● **Exercise brief**
Print all the records below, word for word and in full.

● **Records shown**
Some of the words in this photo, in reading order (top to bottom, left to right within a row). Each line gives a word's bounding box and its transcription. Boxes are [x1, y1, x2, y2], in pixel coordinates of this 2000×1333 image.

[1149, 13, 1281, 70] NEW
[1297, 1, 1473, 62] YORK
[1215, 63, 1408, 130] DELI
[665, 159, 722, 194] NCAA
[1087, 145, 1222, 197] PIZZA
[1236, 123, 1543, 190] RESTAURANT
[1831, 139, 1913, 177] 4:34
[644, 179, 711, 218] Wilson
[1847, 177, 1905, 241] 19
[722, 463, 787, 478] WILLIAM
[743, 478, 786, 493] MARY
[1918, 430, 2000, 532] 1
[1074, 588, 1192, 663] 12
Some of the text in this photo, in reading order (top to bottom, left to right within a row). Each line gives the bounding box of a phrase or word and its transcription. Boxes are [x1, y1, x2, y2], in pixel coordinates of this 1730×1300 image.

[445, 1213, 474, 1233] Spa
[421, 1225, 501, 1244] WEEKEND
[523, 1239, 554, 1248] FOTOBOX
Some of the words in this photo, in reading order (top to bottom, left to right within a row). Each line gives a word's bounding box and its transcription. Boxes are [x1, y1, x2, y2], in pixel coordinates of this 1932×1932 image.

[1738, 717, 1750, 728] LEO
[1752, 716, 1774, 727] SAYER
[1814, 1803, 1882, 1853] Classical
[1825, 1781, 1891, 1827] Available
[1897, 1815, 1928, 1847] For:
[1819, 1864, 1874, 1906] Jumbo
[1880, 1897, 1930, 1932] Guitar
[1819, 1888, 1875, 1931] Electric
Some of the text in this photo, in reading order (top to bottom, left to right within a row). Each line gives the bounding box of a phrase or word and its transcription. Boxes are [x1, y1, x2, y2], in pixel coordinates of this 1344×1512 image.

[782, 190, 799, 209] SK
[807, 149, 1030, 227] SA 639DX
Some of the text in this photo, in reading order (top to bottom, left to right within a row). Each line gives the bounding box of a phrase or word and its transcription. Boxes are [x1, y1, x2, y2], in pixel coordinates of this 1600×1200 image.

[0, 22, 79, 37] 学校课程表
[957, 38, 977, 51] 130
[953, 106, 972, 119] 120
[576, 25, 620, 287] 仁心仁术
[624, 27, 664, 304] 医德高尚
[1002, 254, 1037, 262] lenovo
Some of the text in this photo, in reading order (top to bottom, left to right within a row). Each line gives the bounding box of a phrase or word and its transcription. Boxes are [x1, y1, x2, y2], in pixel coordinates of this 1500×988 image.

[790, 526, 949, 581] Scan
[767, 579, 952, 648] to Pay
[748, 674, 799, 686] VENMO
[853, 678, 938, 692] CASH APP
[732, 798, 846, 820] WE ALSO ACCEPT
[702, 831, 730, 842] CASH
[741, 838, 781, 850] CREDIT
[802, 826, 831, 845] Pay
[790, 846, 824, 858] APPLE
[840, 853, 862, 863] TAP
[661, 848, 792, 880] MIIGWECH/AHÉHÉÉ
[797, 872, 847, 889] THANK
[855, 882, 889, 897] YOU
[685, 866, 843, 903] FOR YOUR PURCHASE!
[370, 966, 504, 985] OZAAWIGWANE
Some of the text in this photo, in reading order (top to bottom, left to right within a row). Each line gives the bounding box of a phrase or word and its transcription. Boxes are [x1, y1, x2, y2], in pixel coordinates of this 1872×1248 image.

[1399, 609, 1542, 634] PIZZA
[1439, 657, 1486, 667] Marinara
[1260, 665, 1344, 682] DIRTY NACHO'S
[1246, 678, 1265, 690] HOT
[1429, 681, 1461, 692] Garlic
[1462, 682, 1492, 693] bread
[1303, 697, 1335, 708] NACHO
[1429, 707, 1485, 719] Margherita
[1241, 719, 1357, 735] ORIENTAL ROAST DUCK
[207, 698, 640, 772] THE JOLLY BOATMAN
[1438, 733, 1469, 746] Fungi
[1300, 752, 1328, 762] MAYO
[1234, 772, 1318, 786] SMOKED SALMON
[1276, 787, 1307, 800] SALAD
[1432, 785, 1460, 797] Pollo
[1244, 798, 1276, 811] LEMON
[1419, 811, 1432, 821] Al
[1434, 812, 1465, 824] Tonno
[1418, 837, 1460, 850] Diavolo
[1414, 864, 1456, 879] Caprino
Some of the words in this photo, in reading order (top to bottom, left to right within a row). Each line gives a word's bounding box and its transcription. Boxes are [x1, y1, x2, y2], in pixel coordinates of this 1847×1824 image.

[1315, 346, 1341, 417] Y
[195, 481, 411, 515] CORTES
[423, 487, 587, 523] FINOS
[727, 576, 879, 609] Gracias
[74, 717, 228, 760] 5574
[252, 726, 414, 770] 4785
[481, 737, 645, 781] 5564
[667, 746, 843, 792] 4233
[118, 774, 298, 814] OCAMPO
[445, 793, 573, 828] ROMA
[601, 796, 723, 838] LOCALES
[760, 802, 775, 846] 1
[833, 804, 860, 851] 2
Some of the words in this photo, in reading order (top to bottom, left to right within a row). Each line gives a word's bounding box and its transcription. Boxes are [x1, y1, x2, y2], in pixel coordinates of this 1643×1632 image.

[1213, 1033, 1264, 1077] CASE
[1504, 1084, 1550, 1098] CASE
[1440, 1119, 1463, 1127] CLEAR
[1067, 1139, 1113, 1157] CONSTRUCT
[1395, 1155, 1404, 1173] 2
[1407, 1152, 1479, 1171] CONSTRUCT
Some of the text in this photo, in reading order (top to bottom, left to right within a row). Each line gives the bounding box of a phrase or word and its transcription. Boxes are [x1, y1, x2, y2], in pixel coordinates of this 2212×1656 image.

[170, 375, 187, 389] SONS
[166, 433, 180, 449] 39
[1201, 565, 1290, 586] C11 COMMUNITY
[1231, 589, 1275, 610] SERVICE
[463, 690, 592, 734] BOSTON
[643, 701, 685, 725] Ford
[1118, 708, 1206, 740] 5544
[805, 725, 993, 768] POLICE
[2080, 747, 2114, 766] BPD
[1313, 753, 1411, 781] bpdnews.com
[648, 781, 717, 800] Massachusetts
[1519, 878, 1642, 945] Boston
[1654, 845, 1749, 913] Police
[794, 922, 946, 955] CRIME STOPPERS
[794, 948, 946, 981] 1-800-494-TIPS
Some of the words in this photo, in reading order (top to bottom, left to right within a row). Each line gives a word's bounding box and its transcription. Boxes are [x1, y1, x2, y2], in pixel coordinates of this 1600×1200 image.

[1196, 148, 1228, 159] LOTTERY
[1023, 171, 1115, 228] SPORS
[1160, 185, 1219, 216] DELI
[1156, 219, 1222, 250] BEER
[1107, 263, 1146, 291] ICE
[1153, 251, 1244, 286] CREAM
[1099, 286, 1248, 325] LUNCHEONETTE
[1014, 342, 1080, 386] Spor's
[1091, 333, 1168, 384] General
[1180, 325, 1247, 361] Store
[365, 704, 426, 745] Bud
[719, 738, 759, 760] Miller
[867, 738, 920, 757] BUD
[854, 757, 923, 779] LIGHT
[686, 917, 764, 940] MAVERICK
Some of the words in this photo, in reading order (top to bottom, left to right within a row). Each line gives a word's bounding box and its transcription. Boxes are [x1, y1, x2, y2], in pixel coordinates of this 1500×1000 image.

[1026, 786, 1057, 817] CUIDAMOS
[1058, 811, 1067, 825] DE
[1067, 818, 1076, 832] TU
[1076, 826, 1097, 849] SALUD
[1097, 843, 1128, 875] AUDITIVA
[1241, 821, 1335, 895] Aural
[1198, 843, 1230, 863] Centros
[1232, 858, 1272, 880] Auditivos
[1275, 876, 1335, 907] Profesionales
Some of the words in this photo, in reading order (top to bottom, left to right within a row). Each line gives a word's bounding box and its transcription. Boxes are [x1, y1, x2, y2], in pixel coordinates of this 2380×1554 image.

● **Reply**
Some of the words in this photo, in reading order (top to bottom, left to right within a row). Each line gives a word's bounding box and its transcription. Boxes are [x1, y1, x2, y2], in pixel coordinates of this 2000×1333 image.

[1149, 13, 1281, 70] NEW
[1297, 1, 1473, 62] YORK
[1215, 63, 1408, 130] DELI
[665, 159, 722, 194] NCAA
[1087, 145, 1222, 197] PIZZA
[1236, 123, 1543, 190] RESTAURANT
[1831, 139, 1913, 177] 4:34
[644, 179, 711, 218] Wilson
[1847, 177, 1905, 241] 19
[722, 463, 787, 478] WILLIAM
[743, 478, 786, 493] MARY
[1918, 430, 2000, 532] 1
[1074, 588, 1192, 663] 12
Some of the text in this photo, in reading order (top to bottom, left to right within a row). Each line gives the bounding box of a phrase or word and its transcription. Boxes are [x1, y1, x2, y2], in pixel coordinates of this 1730×1300 image.

[445, 1213, 474, 1233] Spa
[421, 1225, 501, 1244] WEEKEND
[523, 1239, 554, 1248] FOTOBOX
Some of the words in this photo, in reading order (top to bottom, left to right within a row). Each line gives a word's bounding box and its transcription. Boxes are [x1, y1, x2, y2], in pixel coordinates of this 1932×1932 image.

[1738, 717, 1750, 728] LEO
[1752, 716, 1774, 727] SAYER
[1814, 1803, 1882, 1853] Classical
[1825, 1781, 1891, 1827] Available
[1897, 1815, 1928, 1847] For:
[1819, 1864, 1874, 1906] Jumbo
[1880, 1897, 1930, 1932] Guitar
[1819, 1888, 1875, 1931] Electric
Some of the text in this photo, in reading order (top to bottom, left to right within a row). Each line gives the bounding box of a phrase or word and its transcription. Boxes are [x1, y1, x2, y2], in pixel coordinates of this 1344×1512 image.

[782, 190, 799, 209] SK
[807, 149, 1030, 227] SA 639DX
Some of the text in this photo, in reading order (top to bottom, left to right within a row). Each line gives the bounding box of a phrase or word and its transcription. Boxes are [x1, y1, x2, y2], in pixel coordinates of this 1600×1200 image.

[0, 22, 79, 37] 学校课程表
[957, 38, 977, 51] 130
[953, 106, 972, 119] 120
[576, 25, 620, 287] 仁心仁术
[624, 27, 664, 304] 医德高尚
[1002, 254, 1037, 262] lenovo
Some of the text in this photo, in reading order (top to bottom, left to right within a row). Each line gives the bounding box of a phrase or word and its transcription. Boxes are [x1, y1, x2, y2], in pixel coordinates of this 1500×988 image.

[790, 526, 949, 581] Scan
[767, 579, 952, 648] to Pay
[748, 674, 799, 686] VENMO
[853, 678, 938, 692] CASH APP
[732, 798, 846, 820] WE ALSO ACCEPT
[702, 831, 730, 842] CASH
[741, 838, 781, 850] CREDIT
[802, 826, 831, 845] Pay
[790, 846, 824, 858] APPLE
[840, 853, 862, 863] TAP
[661, 848, 792, 880] MIIGWECH/AHÉHÉÉ
[797, 872, 847, 889] THANK
[855, 882, 889, 897] YOU
[685, 866, 843, 903] FOR YOUR PURCHASE!
[370, 966, 504, 985] OZAAWIGWANE
Some of the text in this photo, in reading order (top to bottom, left to right within a row). Each line gives the bounding box of a phrase or word and its transcription. Boxes are [x1, y1, x2, y2], in pixel coordinates of this 1872×1248 image.

[1399, 609, 1542, 634] PIZZA
[1439, 657, 1486, 667] Marinara
[1260, 665, 1344, 682] DIRTY NACHO'S
[1246, 678, 1265, 690] HOT
[1429, 681, 1461, 692] Garlic
[1462, 682, 1492, 693] bread
[1303, 697, 1335, 708] NACHO
[1429, 707, 1485, 719] Margherita
[1241, 719, 1357, 735] ORIENTAL ROAST DUCK
[207, 698, 640, 772] THE JOLLY BOATMAN
[1438, 733, 1469, 746] Fungi
[1300, 752, 1328, 762] MAYO
[1234, 772, 1318, 786] SMOKED SALMON
[1276, 787, 1307, 800] SALAD
[1432, 785, 1460, 797] Pollo
[1244, 798, 1276, 811] LEMON
[1419, 811, 1432, 821] Al
[1434, 812, 1465, 824] Tonno
[1418, 837, 1460, 850] Diavolo
[1414, 864, 1456, 879] Caprino
Some of the words in this photo, in reading order (top to bottom, left to right within a row). Each line gives a word's bounding box and its transcription. Boxes are [x1, y1, x2, y2], in pixel coordinates of this 1847×1824 image.

[1315, 346, 1341, 417] Y
[195, 481, 411, 515] CORTES
[423, 487, 587, 523] FINOS
[727, 576, 879, 609] Gracias
[74, 717, 228, 760] 5574
[252, 726, 414, 770] 4785
[481, 737, 645, 781] 5564
[667, 746, 843, 792] 4233
[118, 774, 298, 814] OCAMPO
[445, 793, 573, 828] ROMA
[601, 796, 723, 838] LOCALES
[760, 802, 775, 846] 1
[833, 804, 860, 851] 2
Some of the words in this photo, in reading order (top to bottom, left to right within a row). Each line gives a word's bounding box and its transcription. Boxes are [x1, y1, x2, y2], in pixel coordinates of this 1643×1632 image.

[1213, 1033, 1264, 1077] CASE
[1504, 1084, 1550, 1098] CASE
[1440, 1119, 1463, 1127] CLEAR
[1067, 1139, 1113, 1157] CONSTRUCT
[1395, 1155, 1404, 1173] 2
[1407, 1152, 1479, 1171] CONSTRUCT
Some of the text in this photo, in reading order (top to bottom, left to right within a row). Each line gives the bounding box of a phrase or word and its transcription. Boxes are [x1, y1, x2, y2], in pixel coordinates of this 2212×1656 image.

[170, 375, 187, 389] SONS
[166, 433, 180, 449] 39
[1201, 565, 1290, 586] C11 COMMUNITY
[1231, 589, 1275, 610] SERVICE
[463, 690, 592, 734] BOSTON
[643, 701, 685, 725] Ford
[1118, 708, 1206, 740] 5544
[805, 725, 993, 768] POLICE
[2080, 747, 2114, 766] BPD
[1313, 753, 1411, 781] bpdnews.com
[648, 781, 717, 800] Massachusetts
[1519, 878, 1642, 945] Boston
[1654, 845, 1749, 913] Police
[794, 922, 946, 955] CRIME STOPPERS
[794, 948, 946, 981] 1-800-494-TIPS
Some of the words in this photo, in reading order (top to bottom, left to right within a row). Each line gives a word's bounding box and its transcription. Boxes are [x1, y1, x2, y2], in pixel coordinates of this 1600×1200 image.

[1196, 148, 1228, 159] LOTTERY
[1023, 171, 1115, 228] SPORS
[1160, 185, 1219, 216] DELI
[1156, 219, 1222, 250] BEER
[1107, 263, 1146, 291] ICE
[1153, 251, 1244, 286] CREAM
[1099, 286, 1248, 325] LUNCHEONETTE
[1014, 342, 1080, 386] Spor's
[1091, 333, 1168, 384] General
[1180, 325, 1247, 361] Store
[365, 704, 426, 745] Bud
[719, 738, 759, 760] Miller
[867, 738, 920, 757] BUD
[854, 757, 923, 779] LIGHT
[686, 917, 764, 940] MAVERICK
Some of the words in this photo, in reading order (top to bottom, left to right within a row). Each line gives a word's bounding box and its transcription. Boxes are [x1, y1, x2, y2], in pixel coordinates of this 1500×1000 image.

[1026, 786, 1057, 817] CUIDAMOS
[1058, 811, 1067, 825] DE
[1067, 818, 1076, 832] TU
[1076, 826, 1097, 849] SALUD
[1097, 843, 1128, 875] AUDITIVA
[1241, 821, 1335, 895] Aural
[1198, 843, 1230, 863] Centros
[1232, 858, 1272, 880] Auditivos
[1275, 876, 1335, 907] Profesionales
Some of the words in this photo, in reading order (top to bottom, left to right within a row). Each line gives a word's bounding box and its transcription. Boxes are [x1, y1, x2, y2], in pixel coordinates of this 2380×1554 image.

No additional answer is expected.